Provided records:
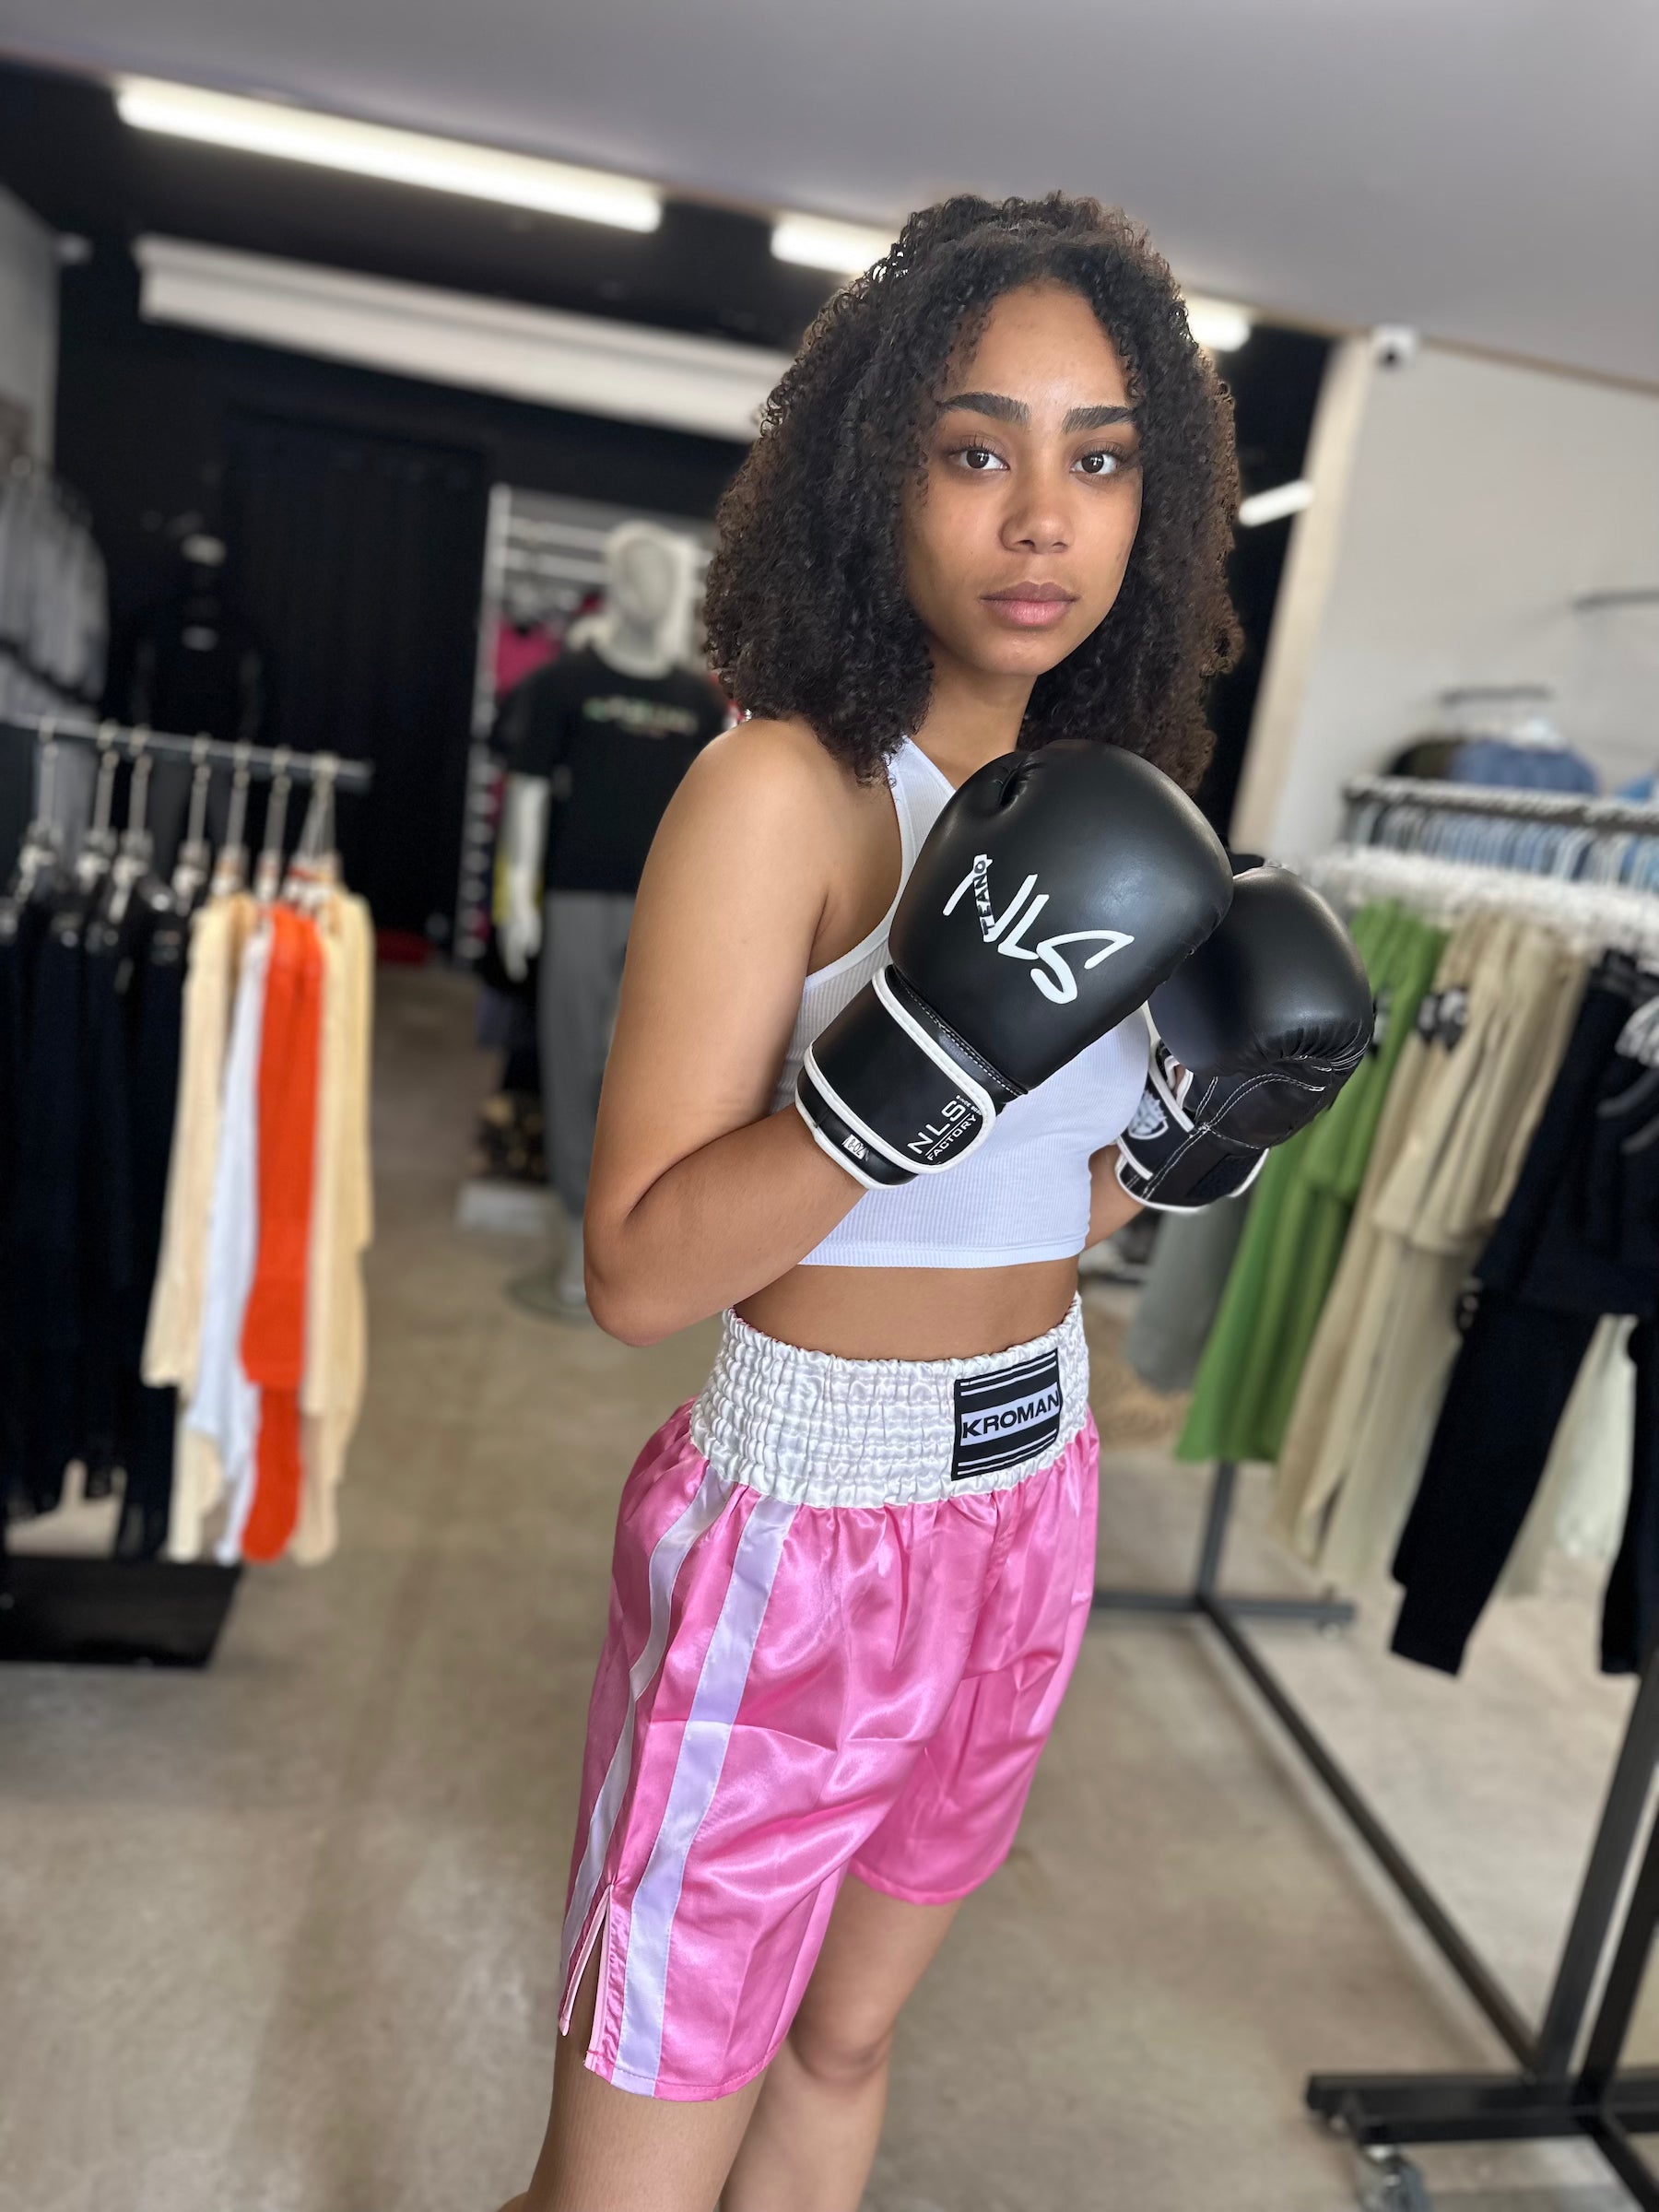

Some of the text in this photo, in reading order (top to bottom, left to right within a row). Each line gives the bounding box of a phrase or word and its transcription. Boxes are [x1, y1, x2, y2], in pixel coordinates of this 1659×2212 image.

[943, 853, 1135, 1004] NLS
[907, 1100, 966, 1154] NLS
[927, 1114, 976, 1160] FACTORY
[963, 1391, 1059, 1438] KROMAN

Work required:
What is needed is an exact copy of every entry, with the pictures removed.

Final answer:
Some of the text in this photo, in reading order (top to bottom, left to right within a row). Each line gives the bounding box of a phrase or word and its transcription. Boxes are [x1, y1, x2, y2], in pixel coordinates of this 1659×2212 image.

[943, 853, 1135, 1004] NLS
[907, 1100, 966, 1154] NLS
[927, 1114, 976, 1160] FACTORY
[963, 1391, 1059, 1438] KROMAN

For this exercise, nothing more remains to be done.